WHAT TO WORK ON: Reproduce exactly, from the line containing "this 1793×1345 image.", every line down to the end of the data below.

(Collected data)
━━━━

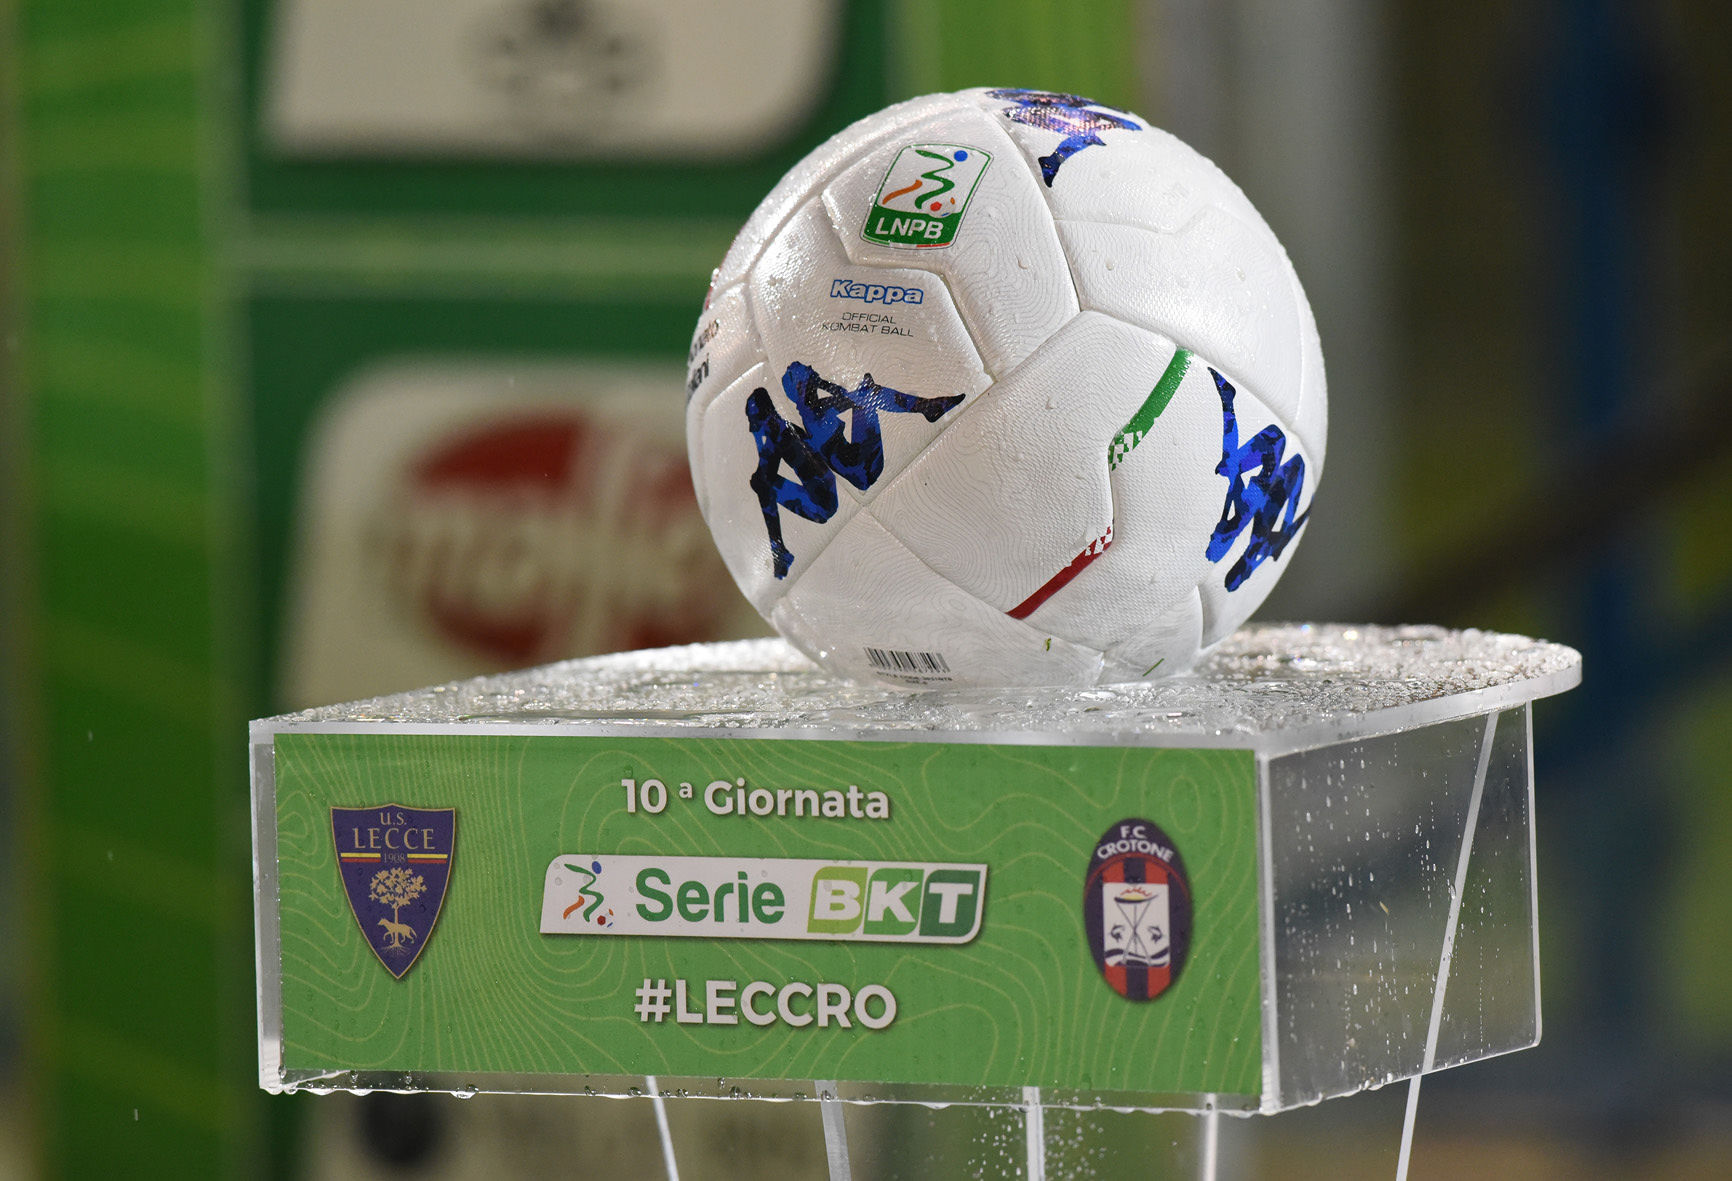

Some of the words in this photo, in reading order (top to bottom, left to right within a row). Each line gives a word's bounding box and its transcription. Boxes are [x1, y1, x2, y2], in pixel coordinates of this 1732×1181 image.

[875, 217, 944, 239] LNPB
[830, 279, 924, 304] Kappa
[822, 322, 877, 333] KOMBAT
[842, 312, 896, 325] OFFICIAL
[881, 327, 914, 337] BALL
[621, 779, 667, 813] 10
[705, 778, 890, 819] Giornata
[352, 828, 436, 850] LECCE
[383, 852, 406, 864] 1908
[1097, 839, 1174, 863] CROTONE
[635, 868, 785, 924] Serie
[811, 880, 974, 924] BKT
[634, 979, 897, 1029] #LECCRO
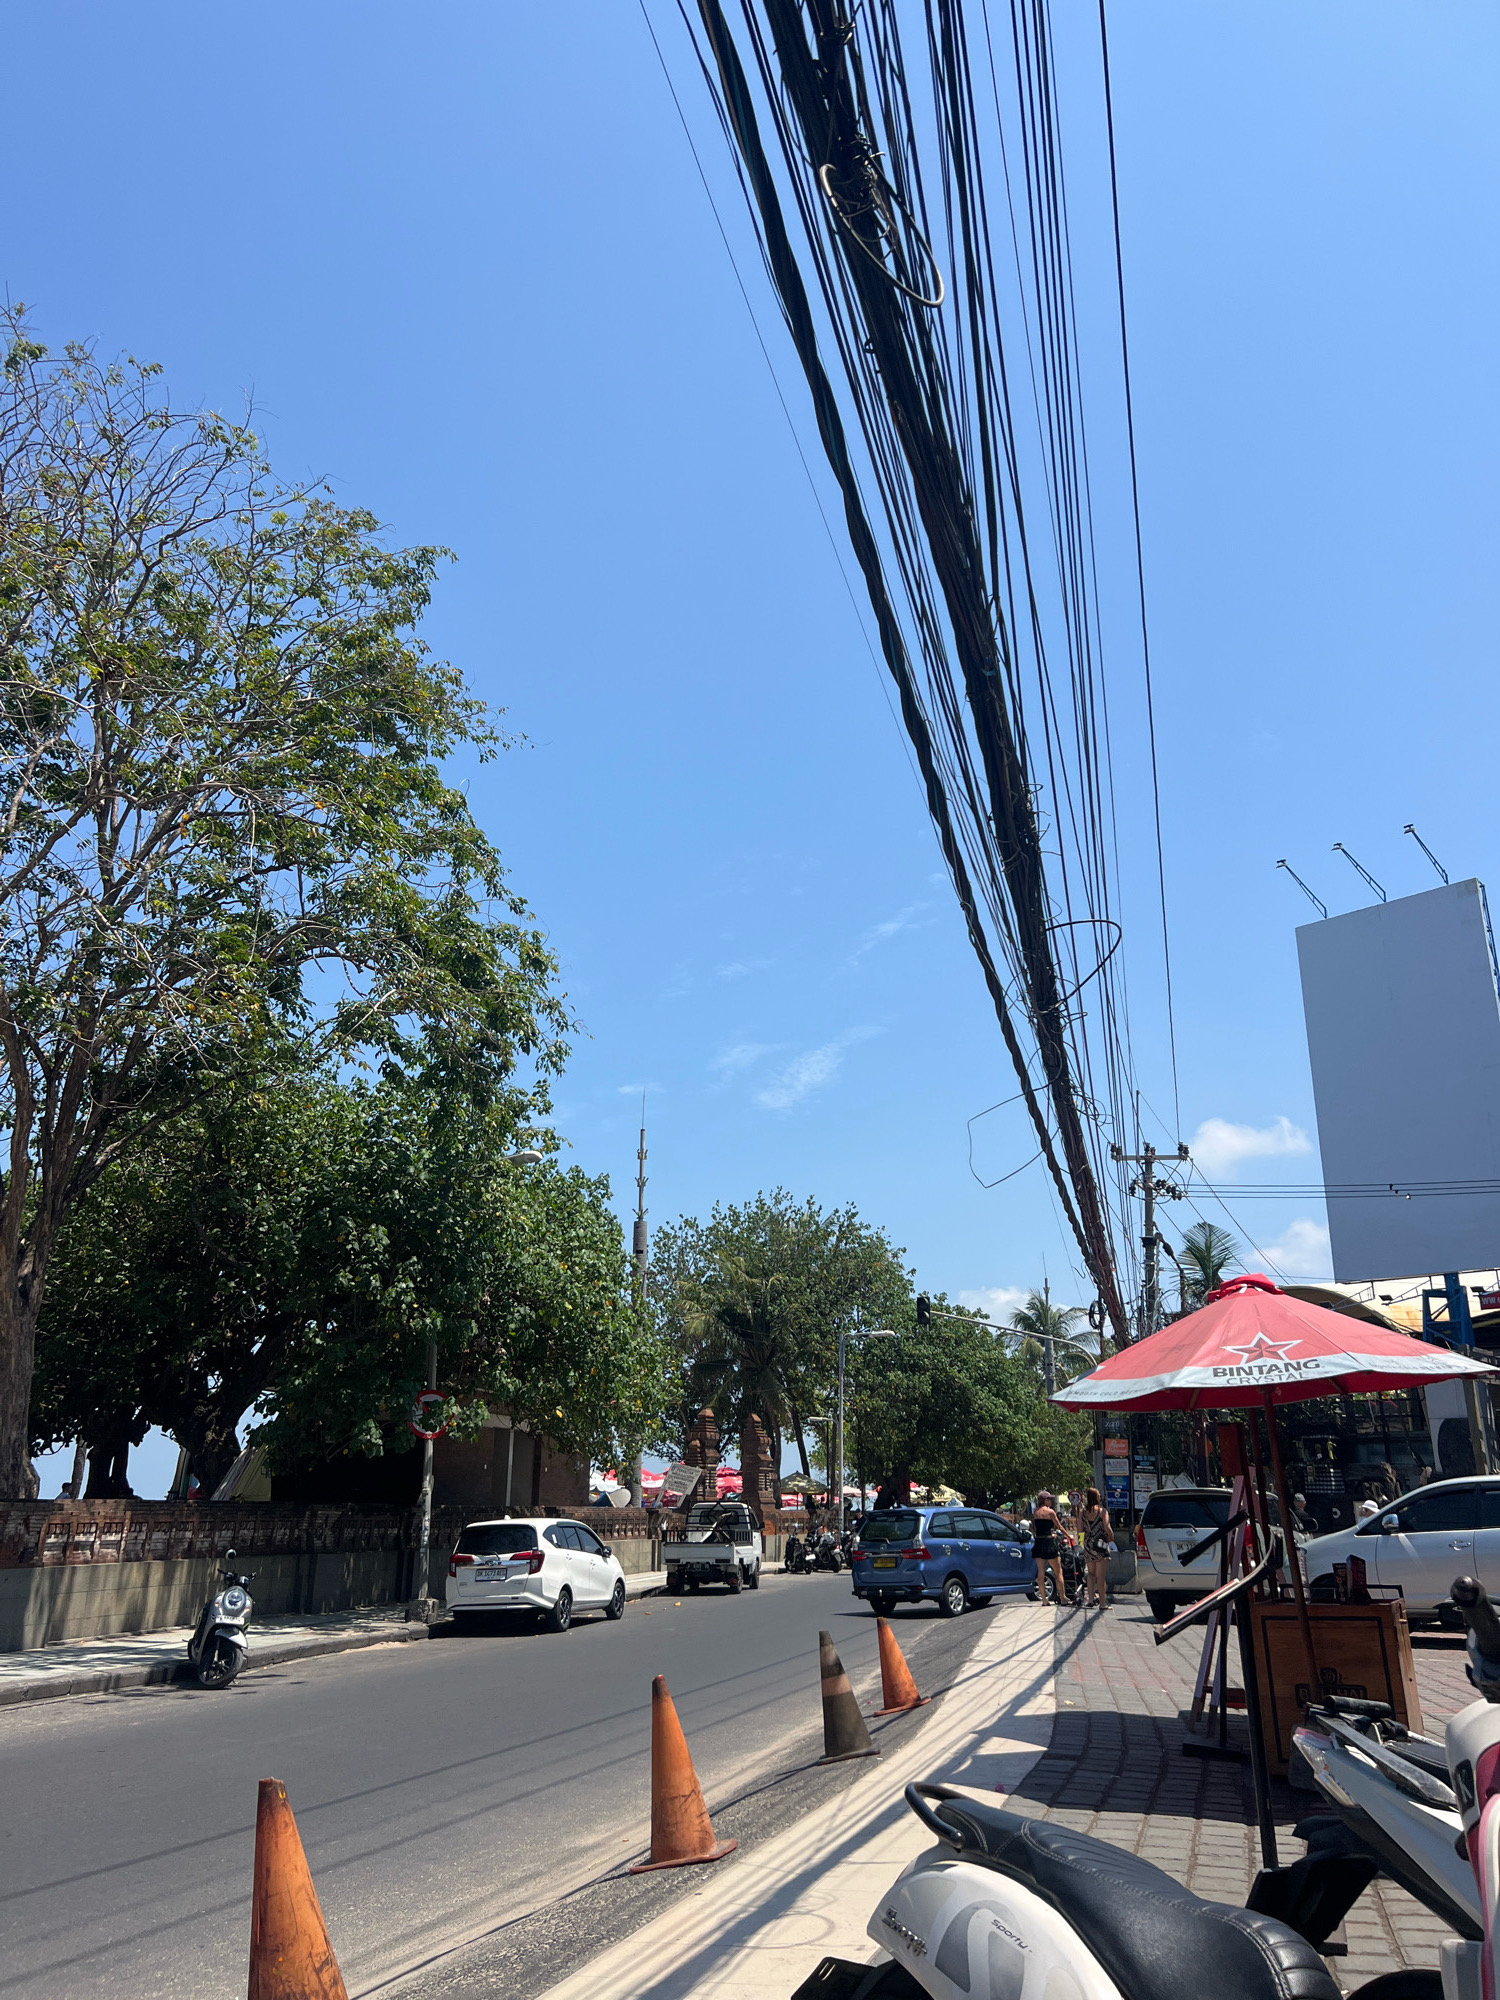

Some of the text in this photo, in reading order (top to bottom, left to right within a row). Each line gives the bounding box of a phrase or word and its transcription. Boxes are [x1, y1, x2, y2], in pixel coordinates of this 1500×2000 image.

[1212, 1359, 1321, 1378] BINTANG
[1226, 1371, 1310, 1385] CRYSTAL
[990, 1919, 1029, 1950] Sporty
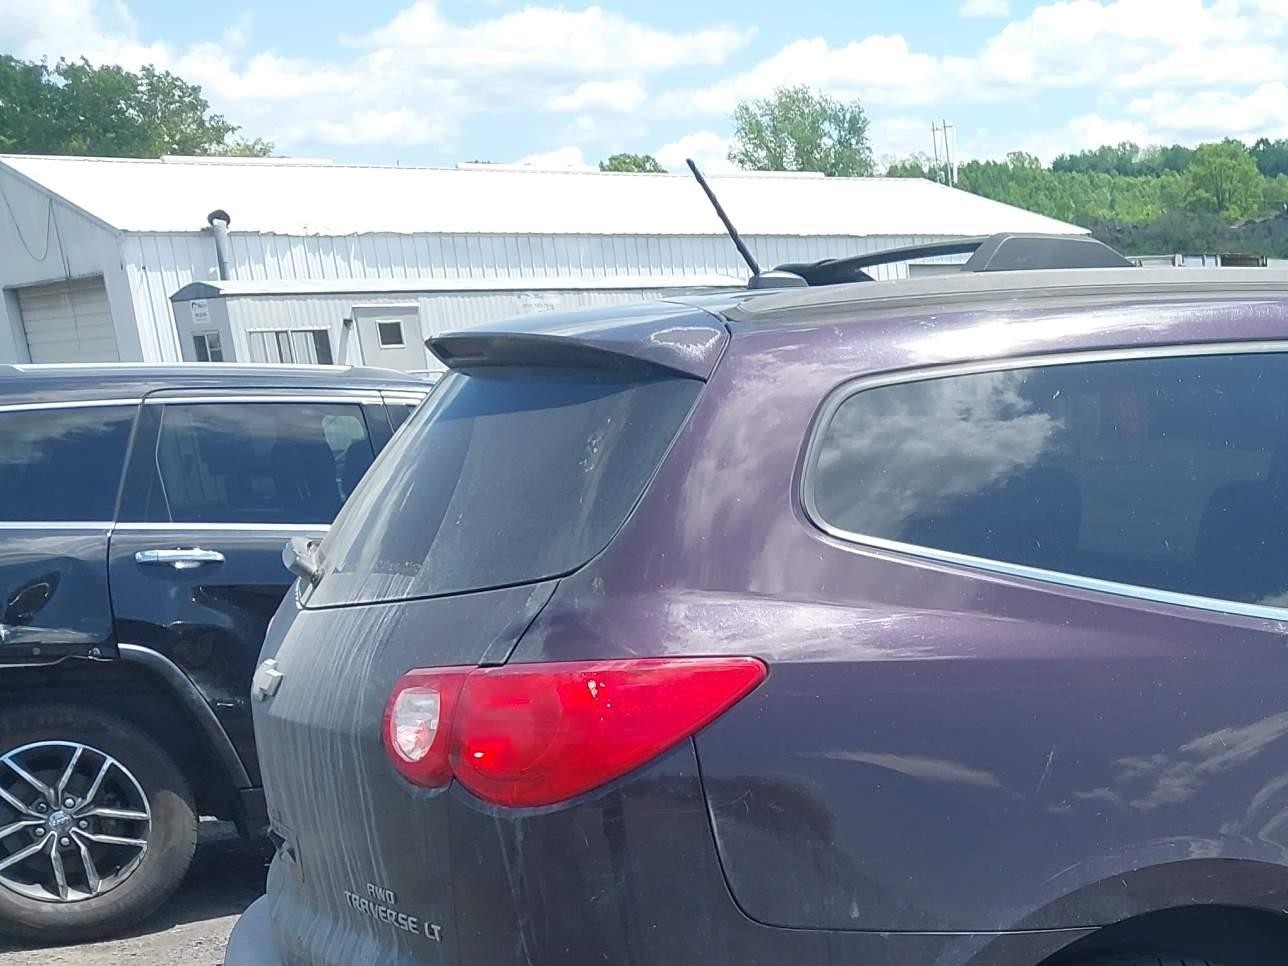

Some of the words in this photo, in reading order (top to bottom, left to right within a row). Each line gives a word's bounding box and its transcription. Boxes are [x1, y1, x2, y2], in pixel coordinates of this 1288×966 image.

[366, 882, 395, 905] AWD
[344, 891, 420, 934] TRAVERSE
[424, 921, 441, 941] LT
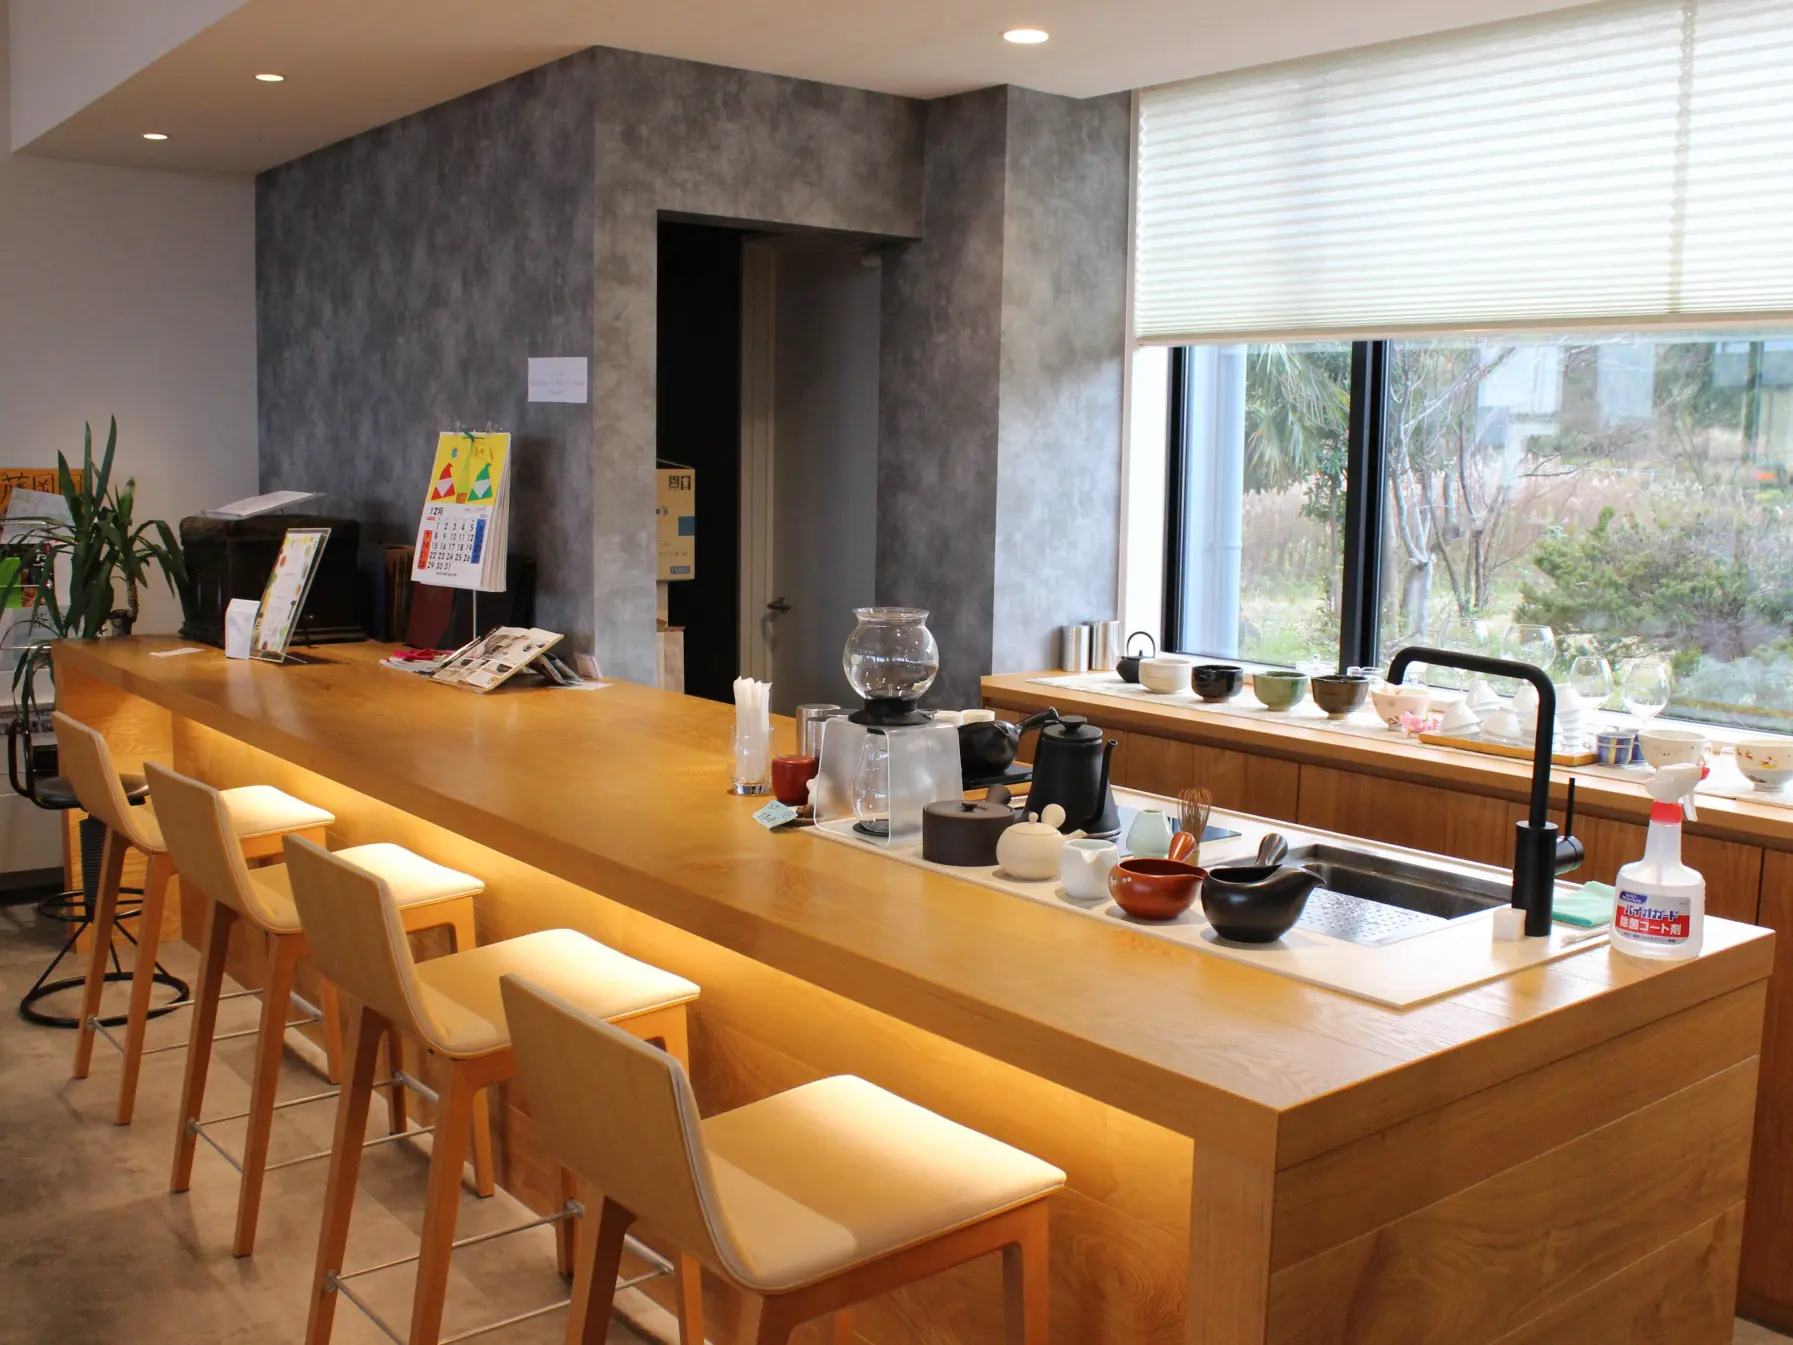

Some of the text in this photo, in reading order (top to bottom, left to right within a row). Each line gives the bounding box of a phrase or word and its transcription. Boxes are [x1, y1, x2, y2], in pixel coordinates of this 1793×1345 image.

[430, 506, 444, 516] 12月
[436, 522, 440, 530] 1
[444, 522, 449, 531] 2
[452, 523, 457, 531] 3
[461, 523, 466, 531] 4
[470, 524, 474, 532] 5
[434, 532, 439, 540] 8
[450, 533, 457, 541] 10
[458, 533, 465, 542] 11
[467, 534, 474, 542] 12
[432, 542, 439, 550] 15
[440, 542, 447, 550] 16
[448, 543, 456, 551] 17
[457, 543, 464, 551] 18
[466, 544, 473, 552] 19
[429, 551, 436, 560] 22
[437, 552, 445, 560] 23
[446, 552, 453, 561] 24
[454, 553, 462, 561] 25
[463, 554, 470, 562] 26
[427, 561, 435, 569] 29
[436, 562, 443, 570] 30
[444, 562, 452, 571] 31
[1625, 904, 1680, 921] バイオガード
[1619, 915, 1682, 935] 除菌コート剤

━━━━

ANSWER SECTION:
Some of the text in this photo, in reading order (top to bottom, left to right within a row). Each line gives the bounding box of a phrase or word and its transcription. Boxes are [x1, y1, x2, y2], in pixel coordinates of this 1793×1345 image.

[430, 506, 444, 516] 12月
[436, 522, 440, 530] 1
[444, 522, 449, 531] 2
[452, 523, 457, 531] 3
[461, 523, 466, 531] 4
[470, 524, 474, 532] 5
[434, 532, 439, 540] 8
[450, 533, 457, 541] 10
[458, 533, 465, 542] 11
[467, 534, 474, 542] 12
[432, 542, 439, 550] 15
[440, 542, 447, 550] 16
[448, 543, 456, 551] 17
[457, 543, 464, 551] 18
[466, 544, 473, 552] 19
[429, 551, 436, 560] 22
[437, 552, 445, 560] 23
[446, 552, 453, 561] 24
[454, 553, 462, 561] 25
[463, 554, 470, 562] 26
[427, 561, 435, 569] 29
[436, 562, 443, 570] 30
[444, 562, 452, 571] 31
[1625, 904, 1680, 921] バイオガード
[1619, 915, 1682, 935] 除菌コート剤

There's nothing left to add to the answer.